Hugging Face · huggingface.js #1979 · Francesco

01 · The problem

Three round-trips per shard, for data we throw away

When the user calls parseSafetensorsMetadata() on a sharded checkpoint, the existing code walks every .safetensors shard listed in the index and, for each one, issues three HTTP requests. The first one, the call to fileDownloadInfo, returns file size, ETag, and xet redirect information that the caller never reads when all it wants is the JSON header. It is wasted work, and on heavily sharded models the fan-out is so large that real users see the requests time out.

The failure shape, by the numbers

From the issue body, observed in upstream benches across ten runs each:

Model	Shards	Old requests	New requests	Outcome
bigscience/bloom	72	216	144	≈ same wall time
Kimi-K2.5	64	192	128	34 % faster
Qwen3.5-397B	94	282	188	26 % faster
DeepSeek-Math-V2	163	489	326	fails 10/10 old → works new

The DeepSeek row is the one that matters most. Four hundred eighty-nine HTTP requests issued from a single client overwhelm the Hub's connection budget; the existing path is not slow, it is broken. The new path reduces the fan-out to a level the server reliably honors.

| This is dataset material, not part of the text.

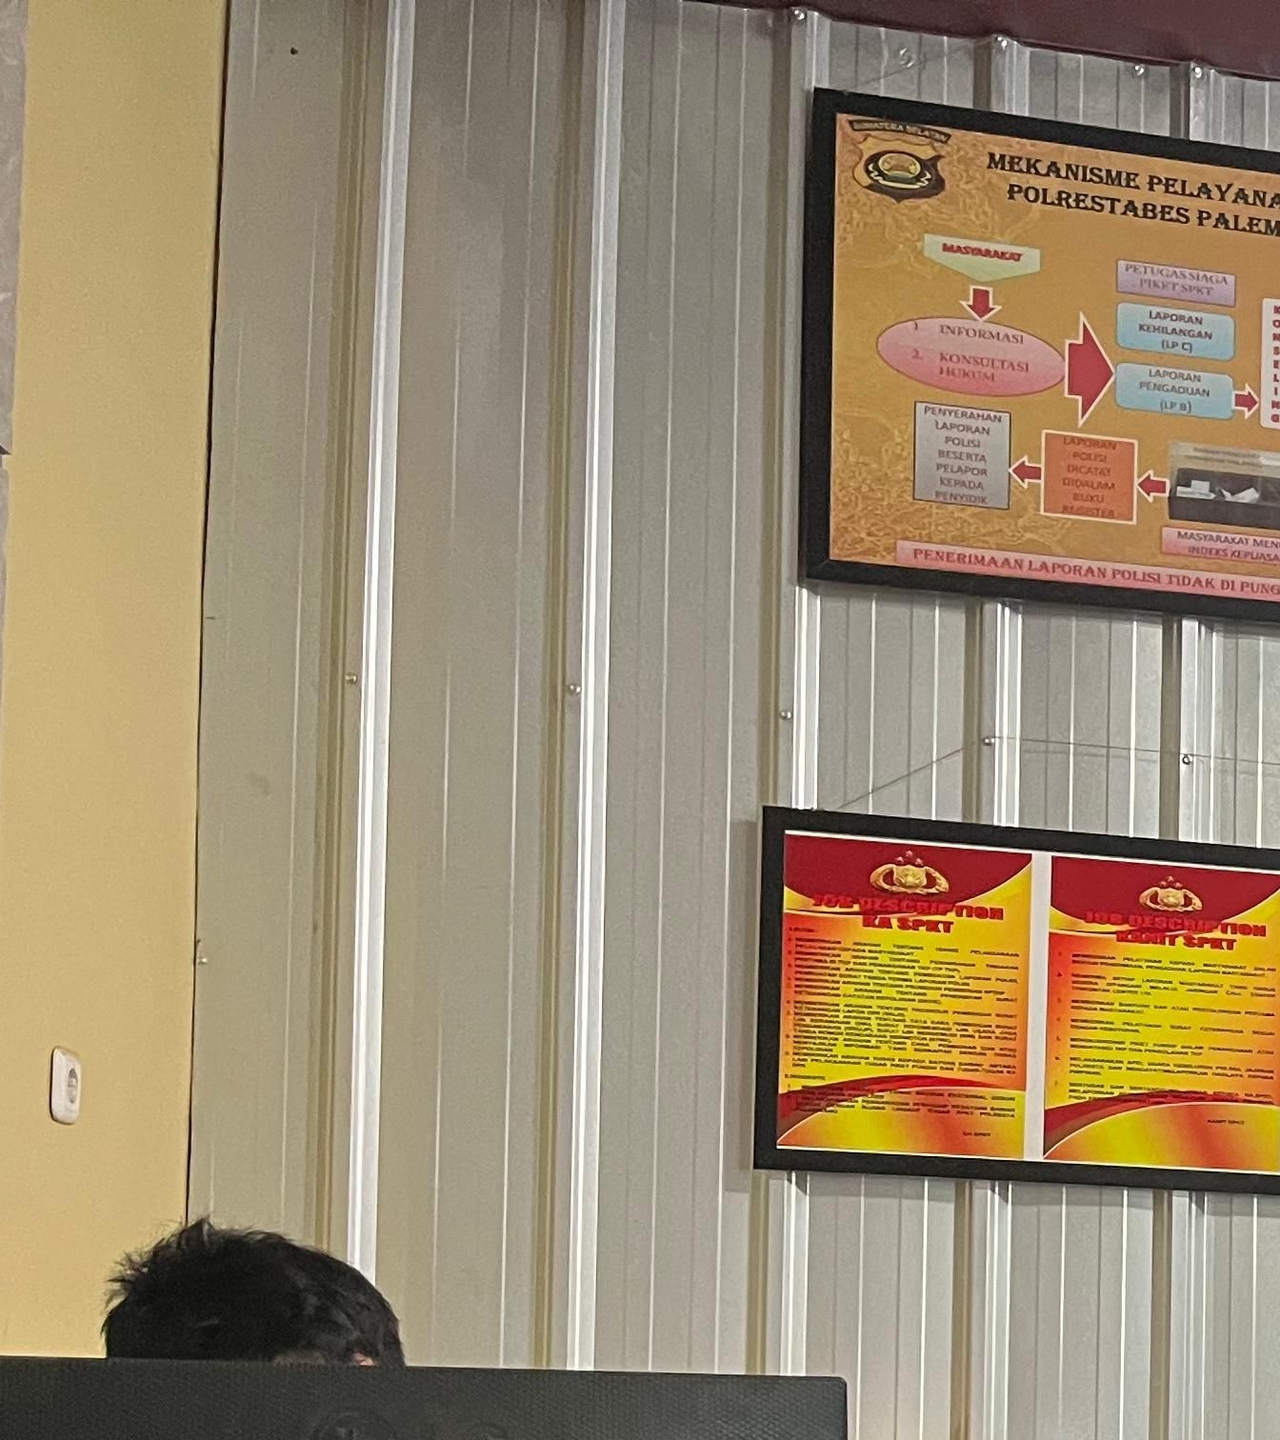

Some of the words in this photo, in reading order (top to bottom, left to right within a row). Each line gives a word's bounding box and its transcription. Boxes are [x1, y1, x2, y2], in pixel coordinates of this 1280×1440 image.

Where the third request comes from

Three layers of indirection each issue their own range request:

downloadFile() calls fileDownloadInfo with Range: bytes=0-0, one round trip just to learn size + ETag + xet status, none of which we use when parsing shard headers.
WebBlob.slice(0, 8).arrayBuffer() issues a Range: bytes=0-7 request to read the 8-byte little-endian header length.
WebBlob.slice(8, 8 + len).arrayBuffer() issues a Range: bytes=8-N request to read the JSON header body.

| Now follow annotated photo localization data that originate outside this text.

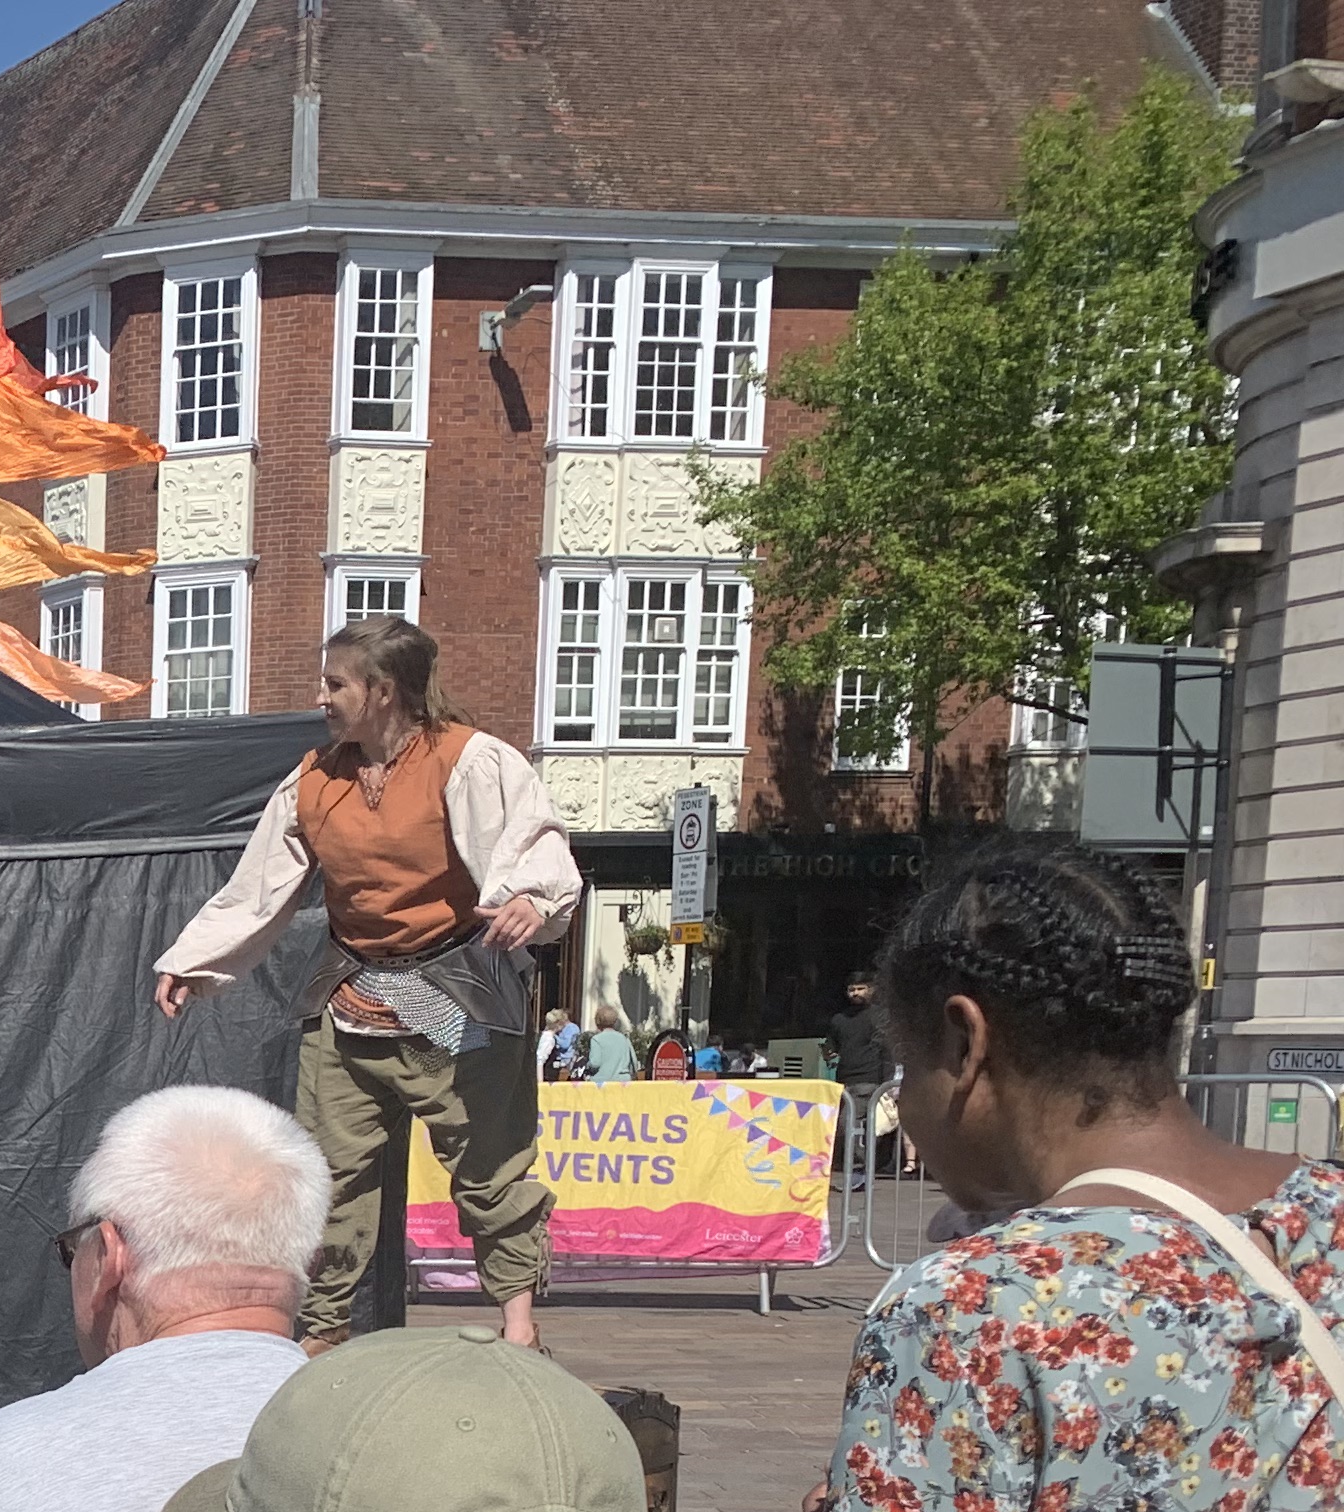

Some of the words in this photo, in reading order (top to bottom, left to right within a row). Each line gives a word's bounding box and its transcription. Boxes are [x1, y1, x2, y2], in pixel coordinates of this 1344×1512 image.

[680, 799, 703, 811] ZONE
[1274, 1052, 1289, 1068] ST
[1291, 1052, 1343, 1070] NICHOL
[525, 1151, 676, 1185] VENTS
[705, 1228, 764, 1243] Leicester

The first of those three is the one we can drop, because the data it returns is unused on the sharded path. The other two are real work the parser actually needs.

flowchart LR
  A["parseSafetensorsMetadata"] --> B["fetchAllHeaders"]
  B --> C["for each shard"]
  C --> D1["fileDownloadInfo
Range: bytes=0-0
unused for headers"]
  D1 --> D2["WebBlob.slice(0,8)
Range: bytes=0-7"]
  D2 --> D3["WebBlob.slice(8, 8+len)
Range: bytes=8-N"]
  D3 --> E["JSON.parse(header)"]
  classDef wasted fill:#ef4444,stroke:#ef4444,stroke-width:0,color:#fff
  class D1 wasted

02 · The fix

A private helper that talks to the resolve URL directly

A new function parseSingleFileFast(path, params) builds the same resolve URL fileDownloadInfo would target (bucket vs model prefix, revision encoding, raw=false, every detail mirrored exactly) and then issues only two range requests against it. fetchAllHeaders is rewired to call the fast helper for every shard. The single-file (non-sharded) entry path is left untouched, which preserves xet single-file checkpoint compatibility for the XetBlob reconstruction flow.

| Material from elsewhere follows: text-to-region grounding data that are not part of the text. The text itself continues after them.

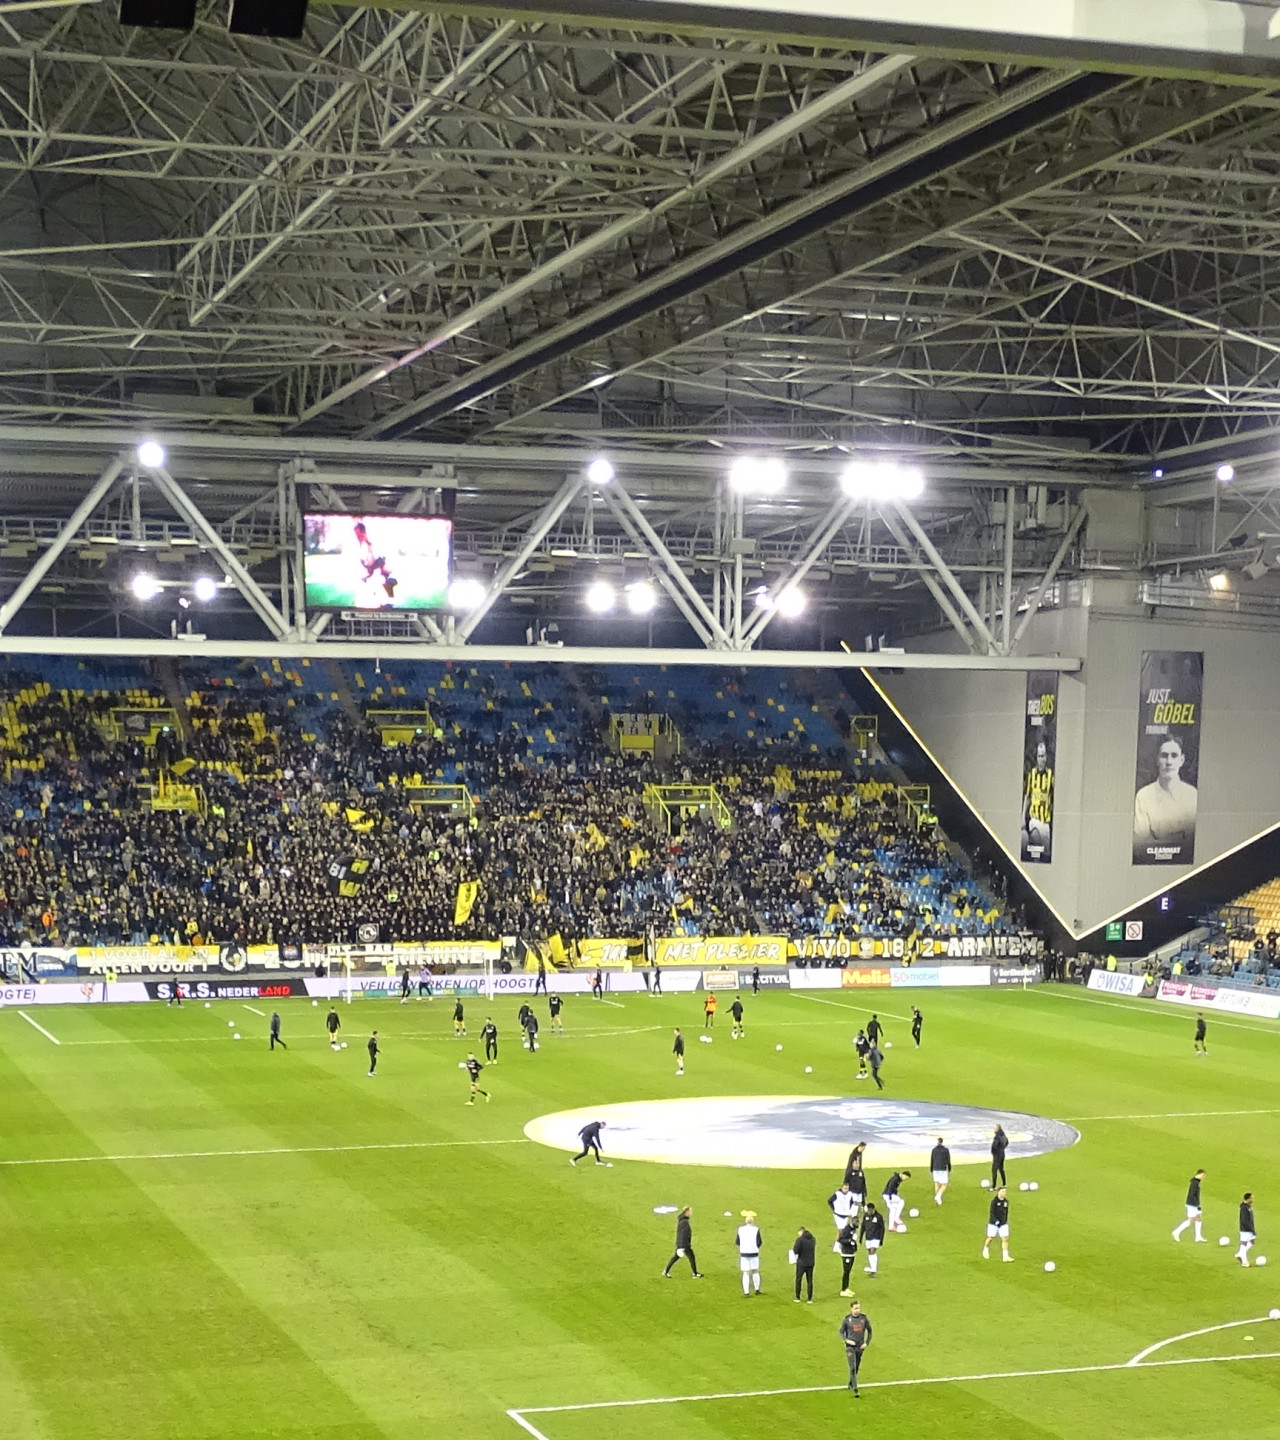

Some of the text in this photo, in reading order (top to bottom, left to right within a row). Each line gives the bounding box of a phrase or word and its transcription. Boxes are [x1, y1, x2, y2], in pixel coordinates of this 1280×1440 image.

[1040, 693, 1055, 715] BOS
[1146, 688, 1171, 704] JUST
[1153, 699, 1195, 724] GÖBEL
[1161, 896, 1169, 910] E
[663, 941, 705, 961] MET
[705, 941, 780, 961] PLEZIER
[793, 938, 851, 959] VIVO
[947, 936, 1037, 957] ARNHEM
[145, 962, 198, 974] VOOR
[842, 969, 890, 985] Melis
[1106, 975, 1134, 992] WISA
[218, 985, 292, 998] NEDERLAND

The new code path, abbreviated

// 1. Build the resolve URL exactly like fileDownloadInfo would
const url = buildResolveUrl(repo, path, hubUrl, revision);

// 2. Request #1, 8-byte little-endian header length
const lenResp = await fetch(url, {
  headers: { ...auth, Range: "bytes=0-7" },
});
if (lenResp.status !== 206) {
  await lenResp.body?.cancel();    // drain instead of buffering
  throw new SafetensorParseError("server did not honor Range");
}
const len = new DataView(await lenResp.arrayBuffer()).getBigUint64(0, true);
if (len > BigInt(MAX_HEADER_LENGTH)) throw /* refuse before the second request */;

// 3. Request #2, JSON header body
const headerResp = await fetch(url, {
  headers: { ...auth, Range: `bytes=8-${8 + Number(len) - 1}` },
});
if (headerResp.status !== 206) throw /* same refusal logic */;
return JSON.parse(await headerResp.text());
      

Two requests, no fileDownloadInfo, no WebBlob intermediary. Plain web standards: fetch, Response.body, DataView, and a refusal to buffer a multi-gigabyte body if the server ignores the Range header.

flowchart LR
  subgraph OLD["BEFORE - 3 requests / shard"]
    direction TB
    O1["fileDownloadInfo
Range: 0-0"] --> O2["WebBlob slice(0,8)
Range: 0-7"] --> O3["WebBlob slice(8,N)
Range: 8-N"]
  end
  subgraph NEW["AFTER - 2 requests / shard"]
    direction TB
    N1["fetch
Range: 0-7"] --> N2["fetch
Range: 8-N"]
  end
  OLD ==>|"-33% HTTP fan-out"| NEW
  style OLD fill:#1e0a0a,stroke:#ef4444,color:#fca5a5
  style NEW fill:#0a1e10,stroke:#10b981,color:#86efac

Safety invariants preserved

Auth: Authorization: Bearer <token> forwarded identically.
Header cap: MAX_HEADER_LENGTH (25 MB) enforced before issuing the body request.
200 refusal: A non-206 response means the server is streaming the whole shard. We drain and throw, not buffer.
Custom fetch: The user-overridable fetch parameter (proxy / header-rewrite) is preserved end-to-end.
Xet single-file: Untouched. XetBlob reconstruction logic continues to flow through downloadFile.
URL construction: Bucket vs model prefix, revision encoding, raw=false, every detail copy of fileDownloadInfo.

03 · The tests

Three offline tests, mocked fetch, no network

The new spec file uses an in-process fetch stub that records every call and asserts exactly the request shape the fix promises.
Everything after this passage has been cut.